I'm think i'm catching the thread.. I pick up there's an older man, now living down under, but still attached to his roots and a lover lost...the word "drowned" has a finality to it, but I sense here was the drowning in love. Also for me the word "history" has at first too much depth, i start thinking of history in it's BIG sense, but here I think it is only the within the lifetime of the first person, who "fled" his home land and will find a different mate for life. Are you that man, or is it a father or other?Just curious. Am I reading your poem correctly?
The way the words read is just gorgeous. The shape of the shorter lines work great in this work.
Hey there Eumo..welcome back!
And thankyou, I write this by poor lamplight..excuse my brevity.Yes, this was a kind of remembrance and satori of the past person - part fictional, partly trying to understand infatuation..back then I was seeing a raven haired, porcelain beauty - with French heritage, (they were the only LeCorneys in town!) - but brought up in the UK, with that innate intelligence, studies journalism, Becket translations into French, yada yada..pretty much big on the humanities, while I was more focused on the technical nascent dark arts of computing at University. I wished, I had stuck with the humanities (I think I've alluded to my rude unschooled ways before) hence realised that was what made us grow apart..cannon fodder for the heart, long in the past now, but great inspiration when you can recall an emotion. Reason, I'd just read Arnold's Dover Beach again after a while, and realised some things resonate in there..bloody great poem, Dover Beach - i'm sure you know..

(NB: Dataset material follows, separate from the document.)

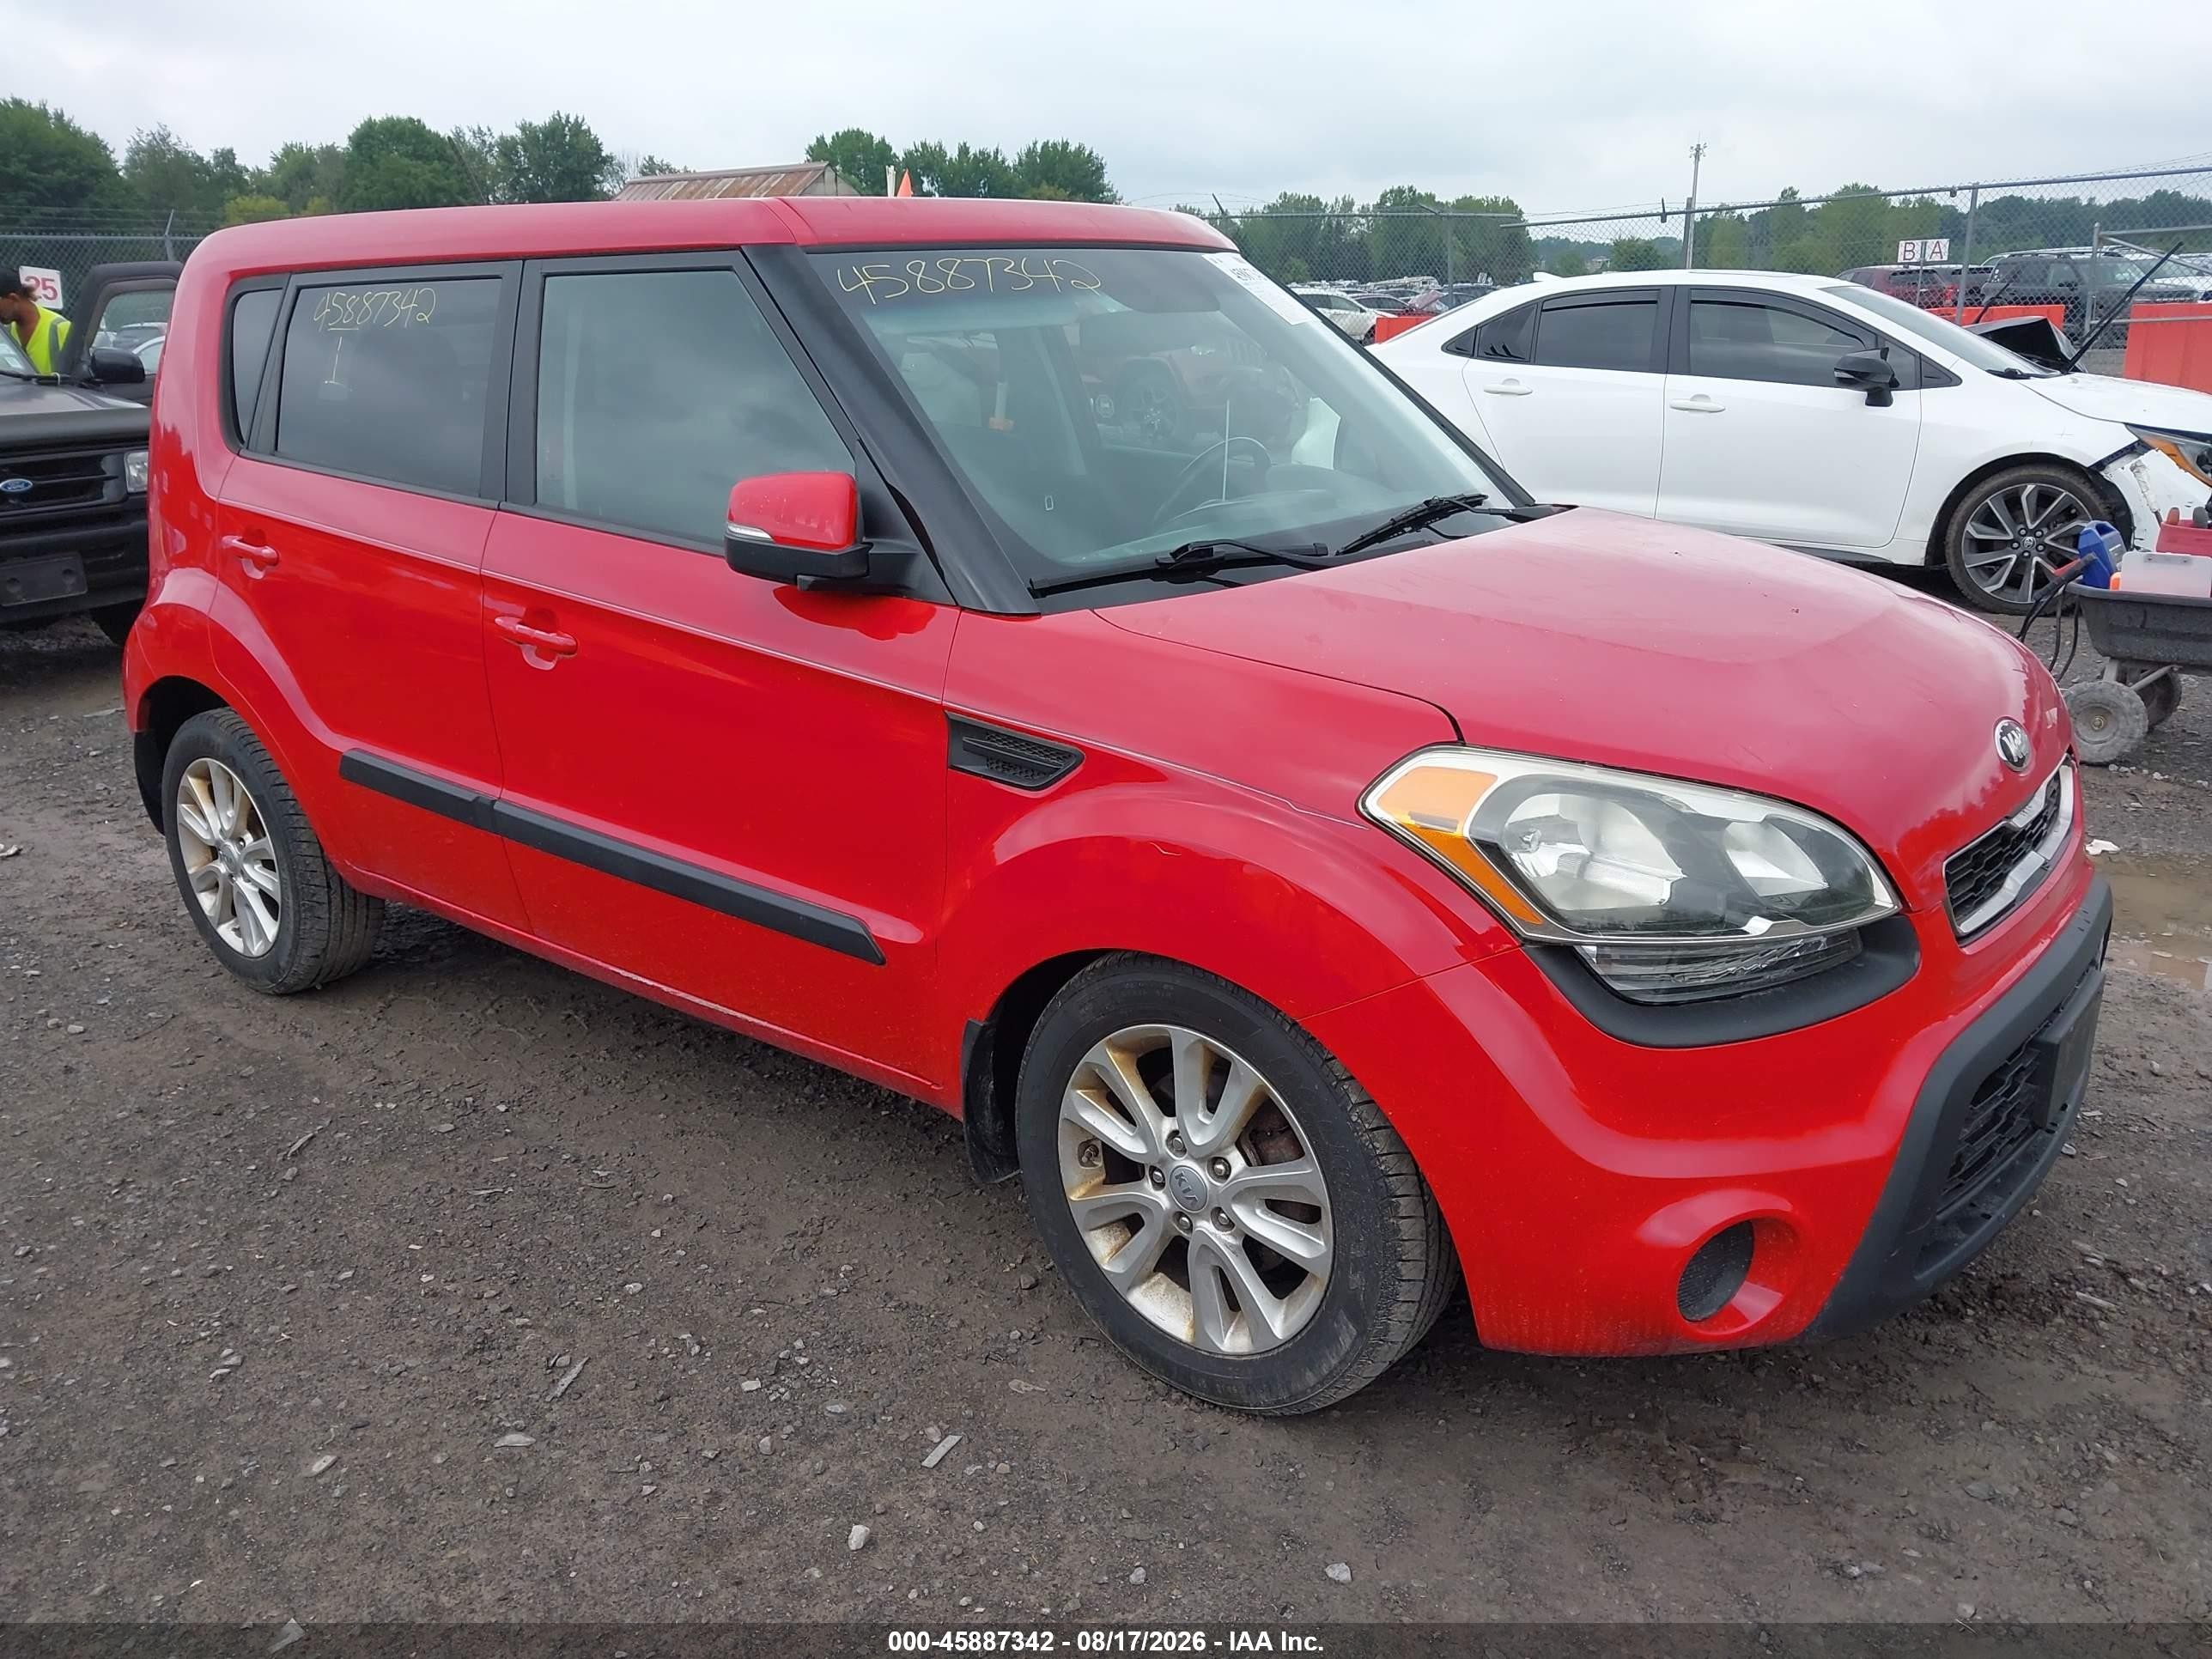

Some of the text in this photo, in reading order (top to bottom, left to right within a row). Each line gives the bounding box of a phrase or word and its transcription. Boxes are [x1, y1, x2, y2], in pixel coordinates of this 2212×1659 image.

[1903, 240, 1943, 261] B A
[837, 258, 1101, 304] 45887342
[313, 288, 436, 331] 45887342

Anyway that was the greater back story (I always wondered btw if Elliot had some linear connection with Arnold? Perhaps would love to know)
PS - When I pulled up at my litttle cold hill tonight, and checked the letterboxes all blown open by our raucus winds - guess what I found? It made it, and I am profoundly moved and grateful. I have to keep going, but will IM you. Loved the single pieces, having a crack at Pessoa. Don't move anywhere - there will be hands across the water (or books at least from Terra Australis) soon!
Cheers, and take care.
Chris.
great!
Sent with pleasure! No rush to reciprocate.
Interesting how your memory mixed with all those elements to create this poem. I do know Dover Beach, even better now that I have re-read it. Where ignorant armies clash by night. wow.
I am finding that with the better poets
my readings give the best critique, you hear my stumbles and necessitated changes of stress and even words.
https://soundcloud.com/neopoet/from-a-dover-clifftop-by-chris-vandiemen…
As usual, your permission needed to post to Neopoet.com on Facebook.
And back in the land of internet..
Hey Jess, and yes of course you do - find these very useful - and I see what you mean, it does help. I'll re-read, make some chages then listen - again.
Thanks.
Chris.
*We just got our dodgy satellite link back up so sorry for late reply.
Stan reckons he can see the meter stumbles
on the wochacallit, squiggly sound line thing?
Deft and elegant revisions, Chris
Changing the feel and effectiveness of the whole piece.
Fuck I adore this process and this site! It is such an honour to witness and participate in.
Thanks for all the help..is Stan a sound man?
Can see the meter..? WTF ;) - here is a quieter, subdued very pommy re-take I did, also, had a go at "Killing God" if you check back on those comments, link is there. Here's The cliff again:
https://soundcloud.com/user528181418/dover-clifftop
Cheers,
And yes, the system works!
Chris.
Stan is not tech anything,
He would use a quill and parchment if he could.
No, I'm talking about the timeline on SoundCloud where you can see the levels.
Wow, so different, quite apart from the revisions. Bloody fascinating, isn't it?
indeed it is..
once you get past the awkward self conciouness - the gravel filter will help with that. i've foind a page of plugins and filters, wow you could really go to town here. Since poetry was an oral tradition, i think more emphasis should be placed on this. it really does help you to improve.
Cheers,
Chris.
So glad you agree
I've been quietly moving towards this for years.
I really believe poetry is intrinsically an oral tradition.